About this task: Search the records for lines with the word "MEDIA" and copy each match.
Exercise data below:
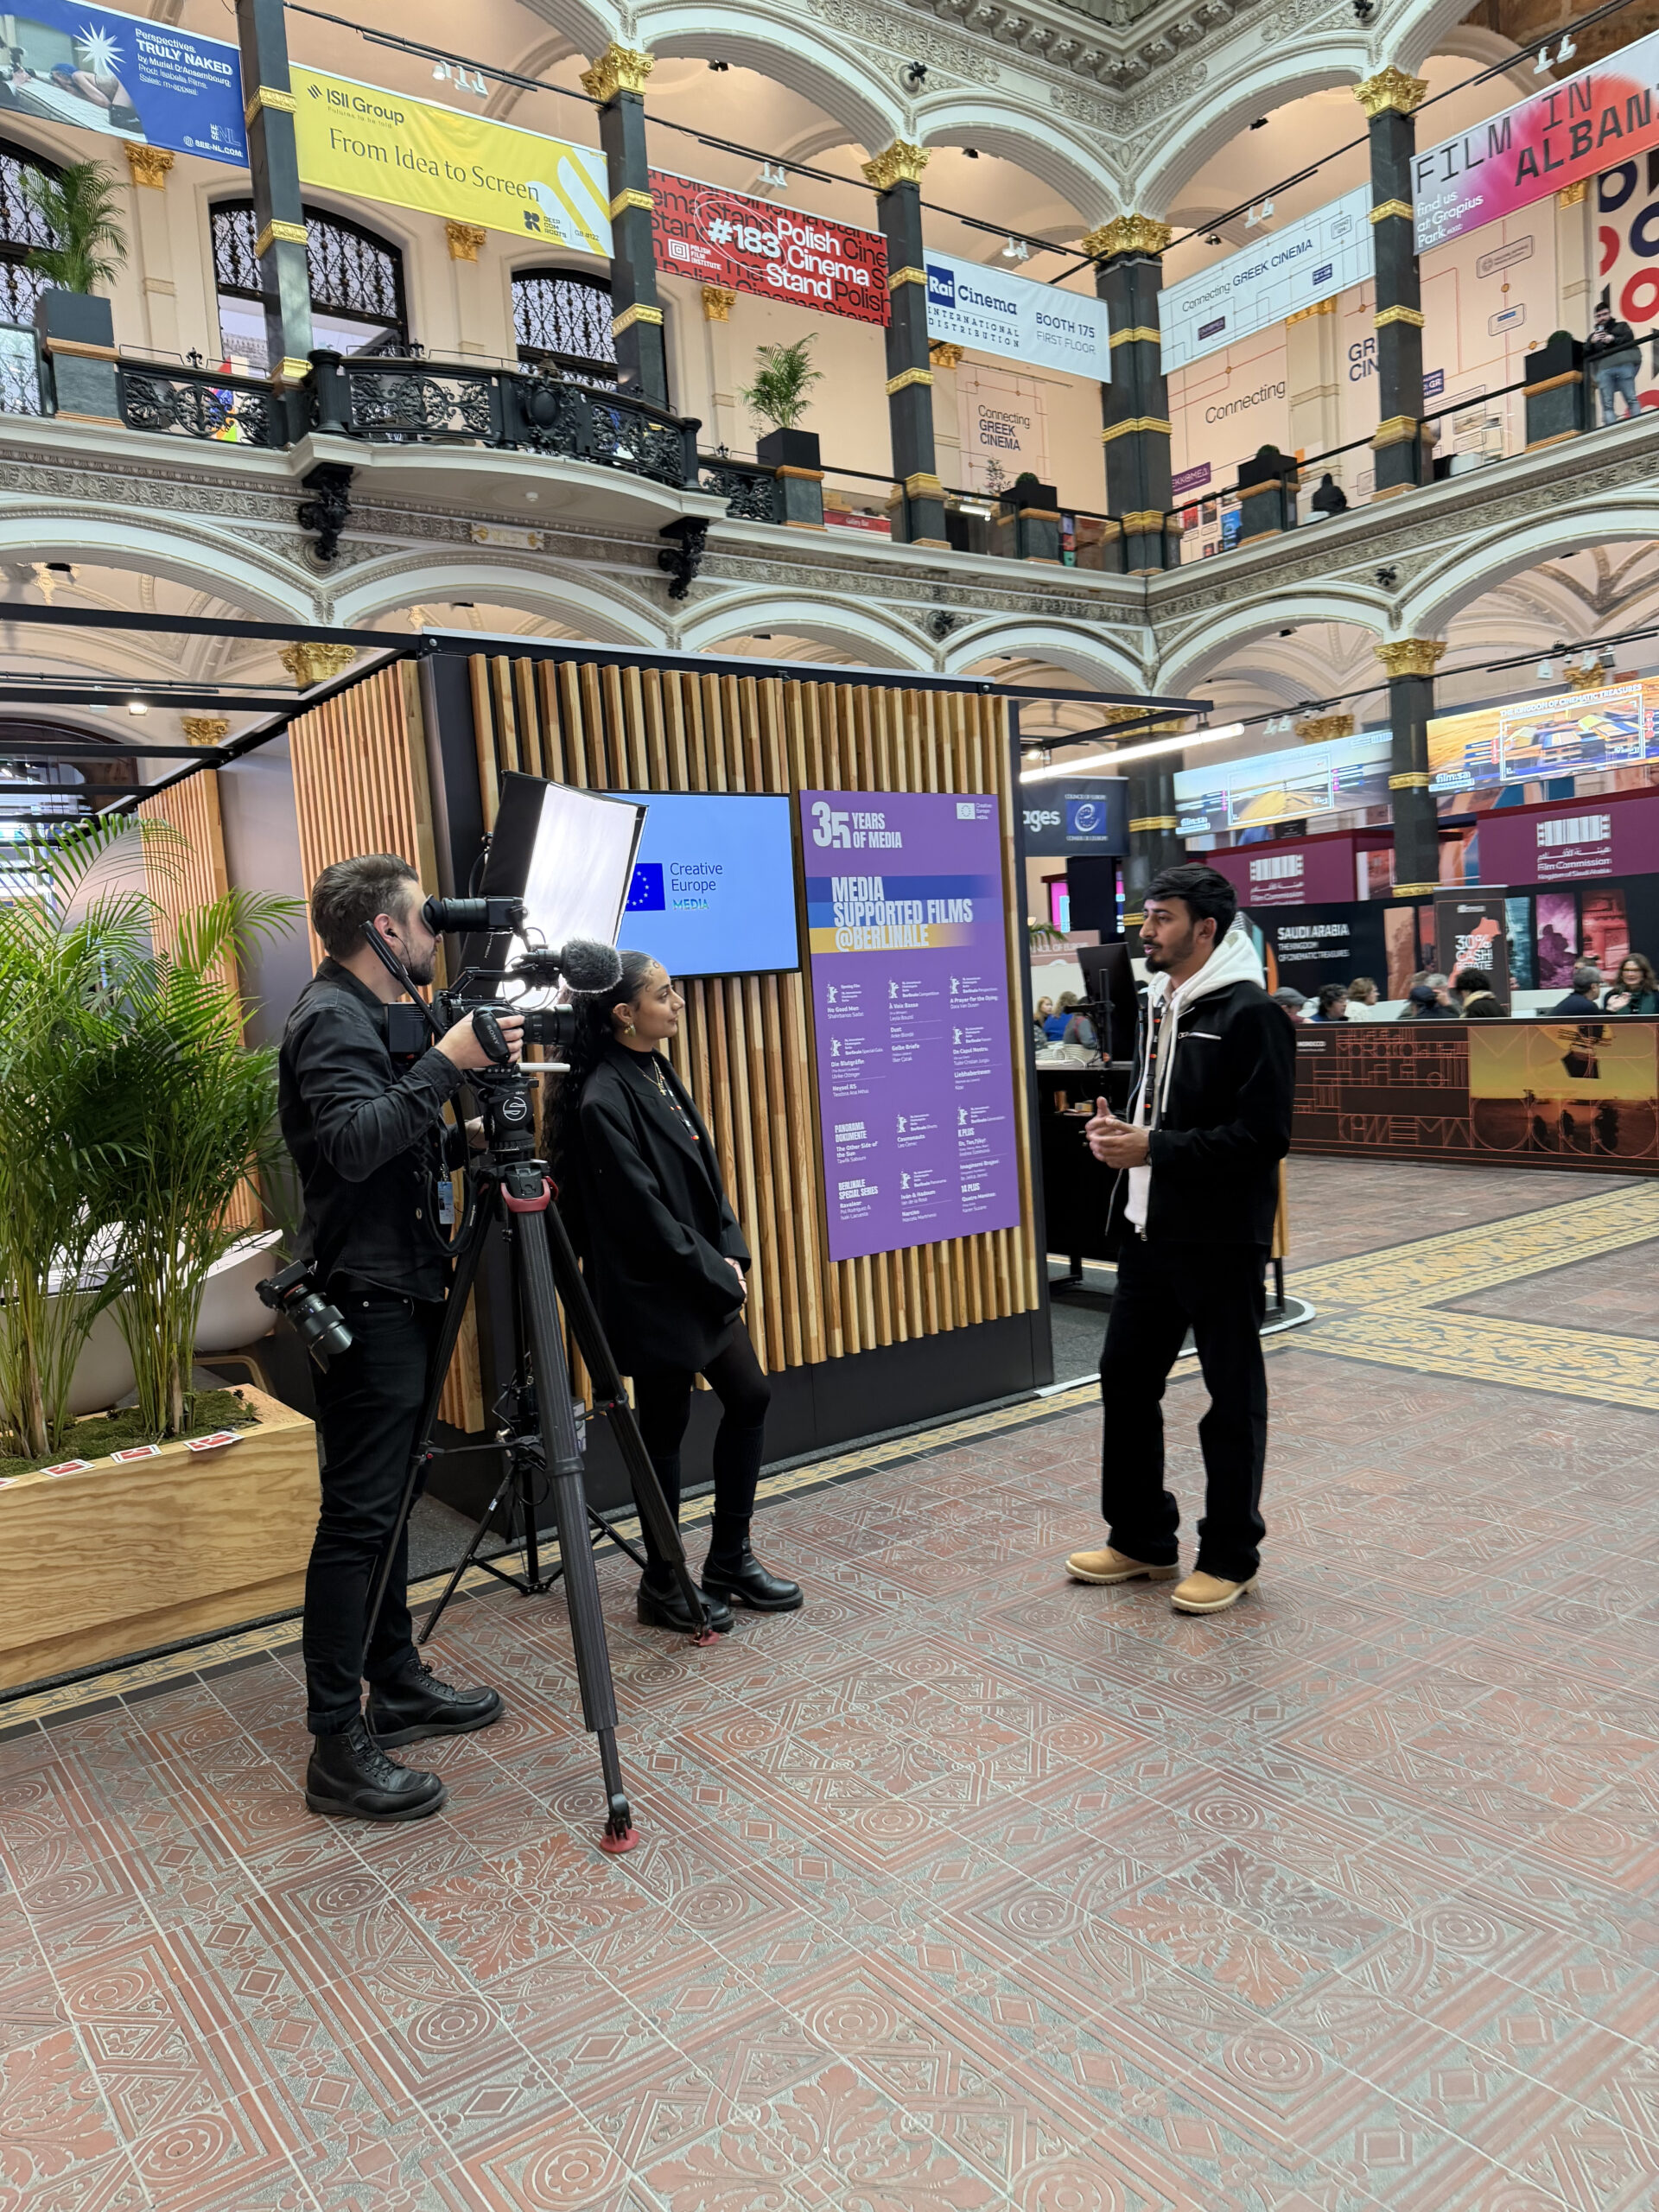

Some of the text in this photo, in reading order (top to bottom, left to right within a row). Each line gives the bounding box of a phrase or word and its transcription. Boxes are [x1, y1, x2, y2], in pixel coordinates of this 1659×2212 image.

[136, 39, 233, 75] TRULY NAKED
[137, 54, 148, 65] by
[149, 57, 173, 70] Muriel
[353, 97, 405, 126] Group
[210, 124, 219, 140] SEE
[1415, 75, 1592, 194] FILM IN
[330, 127, 539, 202] From Idea to Screen
[1417, 190, 1459, 217] find us
[1417, 195, 1484, 233] at Gropius
[709, 217, 781, 258] #183
[778, 217, 841, 257] Polish
[1418, 225, 1447, 248] Park
[690, 244, 711, 255] POLISH
[691, 251, 706, 260] FILM
[690, 257, 722, 270] INSTITUTE
[787, 245, 870, 287] Cinema
[1182, 238, 1313, 312] Connecting GREEK CINEMA
[766, 263, 832, 300] Stand
[929, 276, 954, 298] Rai
[957, 285, 1017, 315] Cinema
[928, 306, 1020, 337] INTERNATIONAL
[928, 317, 1020, 348] DISTRIBUTION
[1036, 312, 1095, 339] BOOTH 175
[1037, 331, 1096, 354] FIRST FLOOR
[1205, 380, 1286, 423] Connecting
[978, 404, 1031, 429] Connecting
[979, 419, 1016, 437] GREEK
[980, 432, 1021, 451] CINEMA
[851, 812, 886, 830] YEARS
[853, 831, 902, 849] OF MEDIA
[670, 862, 723, 876] Creative
[671, 879, 716, 893] Europe
[830, 876, 885, 902] MEDIA
[672, 899, 709, 911] MEDIA
[832, 899, 973, 927] SUPPORTED FILMS
[835, 925, 929, 952] @BERLINALE
[1277, 924, 1350, 940] SAUDI ARABIA
[1454, 934, 1492, 950] 30%
[1455, 949, 1493, 962] CASH
[486, 1024, 500, 1045] SONY
[834, 1122, 865, 1134] PANORAMA
[835, 1130, 868, 1142] DOKUMENTE
[838, 1179, 866, 1191] BERLINALE
[839, 1186, 878, 1200] SPECIAL SERIES
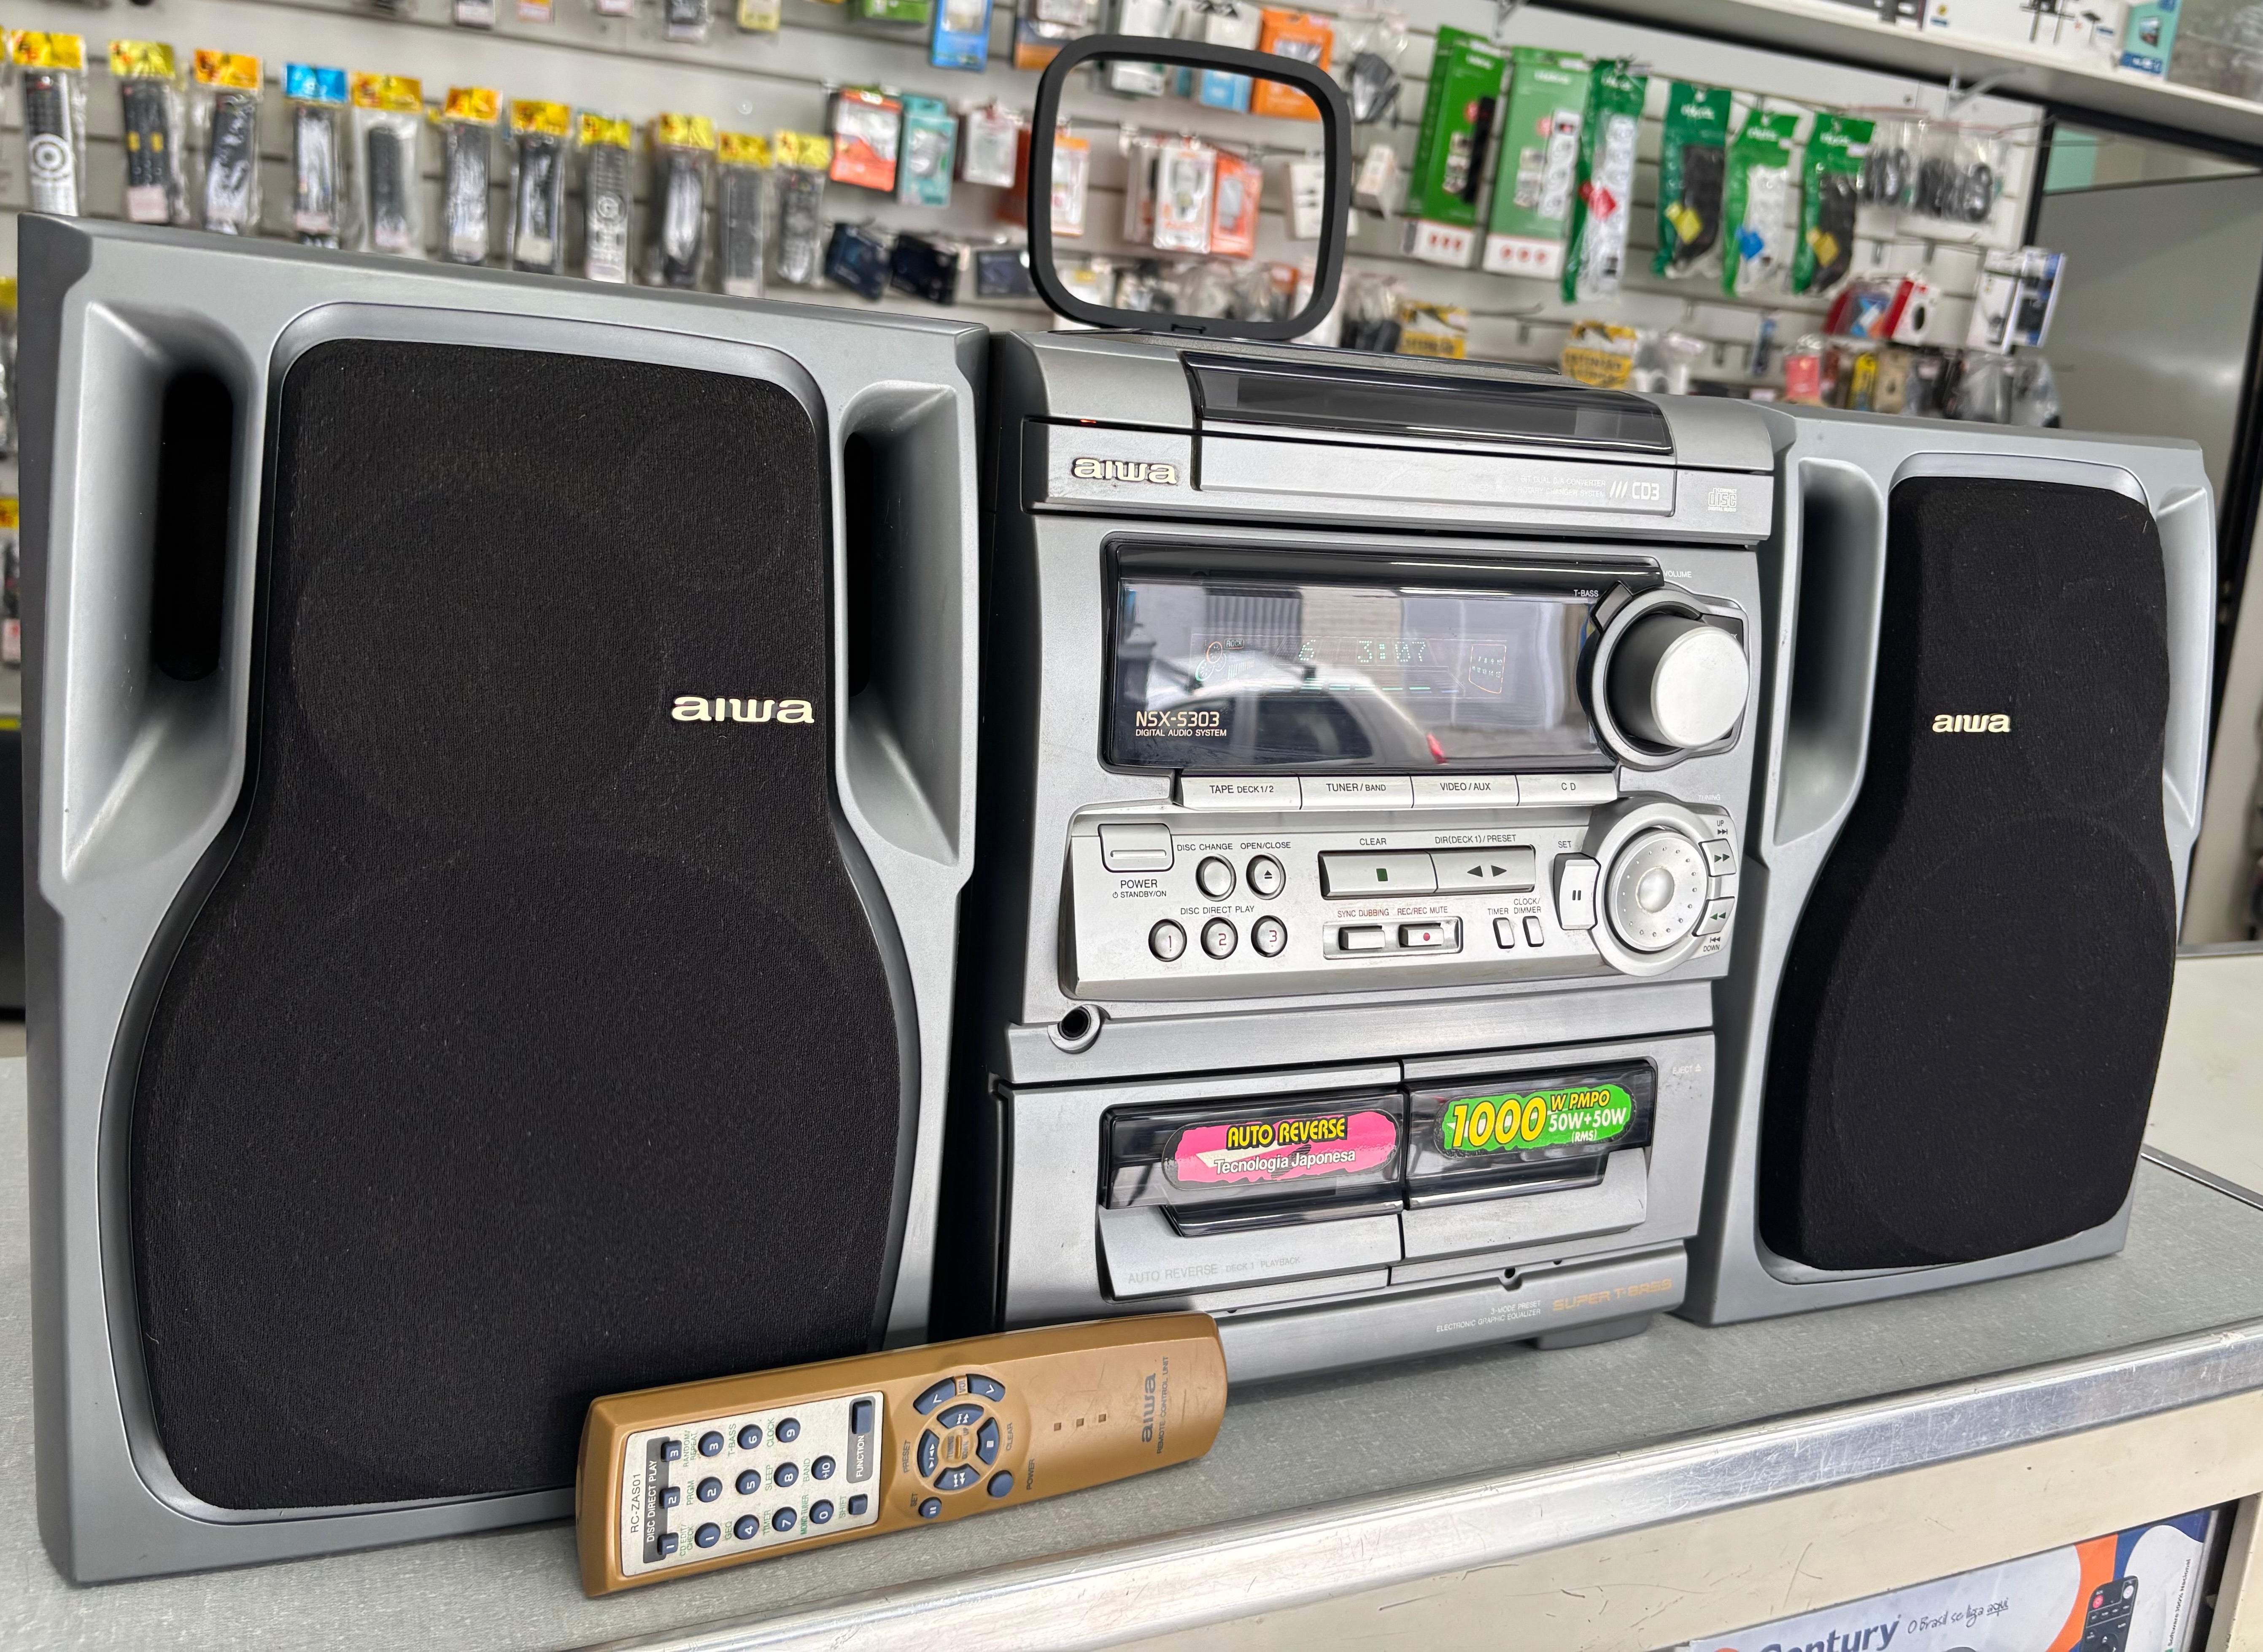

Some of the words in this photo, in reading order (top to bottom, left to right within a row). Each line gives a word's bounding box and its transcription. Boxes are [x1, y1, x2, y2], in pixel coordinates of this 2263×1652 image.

[1073, 458, 1177, 484] aiwa
[1566, 478, 1606, 487] CONVERTER
[1632, 482, 1660, 501] CD3
[1663, 570, 1692, 578] VOLUME
[1573, 589, 1599, 597] T-BASS
[1226, 639, 1242, 648] ROCK
[672, 696, 815, 723] aiwa
[1136, 710, 1220, 727] NSX-S303
[1932, 714, 2011, 733] aiwa
[1209, 785, 1235, 794] TAPE
[1199, 842, 1233, 851] CHANGE
[1240, 841, 1291, 850] OPEN/CLOSE
[1359, 837, 1387, 846] CLEAR
[1558, 840, 1572, 848] SET
[1120, 879, 1157, 889] POWER
[1120, 890, 1167, 898] STANDBY/ON
[1180, 907, 1200, 915] DISC
[1203, 906, 1232, 914] DIRECT
[1235, 905, 1255, 913] PLAY
[1337, 909, 1356, 918] SYNC
[1358, 908, 1389, 917] DUBBING
[1397, 907, 1427, 915] REC/REC
[1430, 906, 1448, 914] MUTE
[1513, 906, 1542, 914] DIMMER
[1218, 932, 1227, 946] 2
[1268, 930, 1278, 942] 3
[1703, 944, 1720, 952] DOWN
[1672, 1065, 1693, 1074] EJECT
[1550, 1095, 1566, 1111] W
[1569, 1090, 1610, 1109] PMPO
[1451, 1097, 1547, 1148] 1000
[1548, 1107, 1627, 1132] 50W+50W
[1227, 1123, 1274, 1147] AUTO
[1278, 1117, 1346, 1143] REVERSE
[1571, 1128, 1598, 1143] (RMS)
[1214, 1154, 1289, 1175] Tecnologia
[1291, 1150, 1356, 1169] Japonesa
[1128, 1271, 1160, 1284] AUTO
[1165, 1264, 1218, 1279] REVERSE
[1226, 1264, 1248, 1272] DECK
[1260, 1256, 1300, 1269] PLAYBACK
[1491, 1304, 1516, 1315] 3-MODE
[1518, 1300, 1542, 1310] PRESET
[1553, 1289, 1611, 1311] SUPER
[1436, 1320, 1476, 1333] ELECTRONIC
[1478, 1315, 1505, 1325] GRAPHIC
[1507, 1309, 1541, 1320] EQUALIZER
[958, 1379, 966, 1393] VOL
[1160, 1377, 1168, 1417] CONTROL
[1141, 1372, 1156, 1443] aiwa
[728, 1423, 736, 1457] T-BASS
[749, 1435, 758, 1444] 6
[767, 1417, 775, 1447] CLOCK
[786, 1429, 795, 1437] 9
[1157, 1420, 1166, 1454] REMOTE
[709, 1442, 718, 1450] 3
[856, 1435, 865, 1478] FUNCTION
[901, 1439, 911, 1474] PRESET
[649, 1460, 658, 1482] PLAY
[765, 1464, 773, 1491] SLEEP
[784, 1473, 793, 1482] 8
[803, 1458, 811, 1482] BAND
[822, 1462, 831, 1479] +10
[1026, 1458, 1035, 1490] POWER
[686, 1479, 694, 1506] PRGM
[707, 1488, 717, 1497] 2
[746, 1480, 755, 1490] 5
[631, 1474, 641, 1533] RC-ZAS01
[647, 1485, 656, 1518] DIRECT
[668, 1496, 677, 1504] 2
[839, 1495, 847, 1519] SHIFT
[910, 1493, 918, 1507] SET
[763, 1509, 771, 1536] TIMER
[819, 1511, 828, 1519] 0
[725, 1521, 733, 1540] GEQ
[744, 1525, 753, 1535] 4
[782, 1519, 791, 1528] 7
[646, 1522, 655, 1543] DISC
[680, 1543, 686, 1556] CD
[2179, 1559, 2191, 1592] Nacional
[1907, 1620, 1917, 1634] O
[1919, 1611, 1948, 1631] Brasil
[1951, 1612, 1964, 1623] se
[1966, 1604, 1984, 1628] liga
[1986, 1597, 2009, 1617] aqui
End of Exercise data.
Reply to the exercise:
[853, 831, 902, 849] OF MEDIA
[830, 876, 885, 902] MEDIA
[672, 899, 709, 911] MEDIA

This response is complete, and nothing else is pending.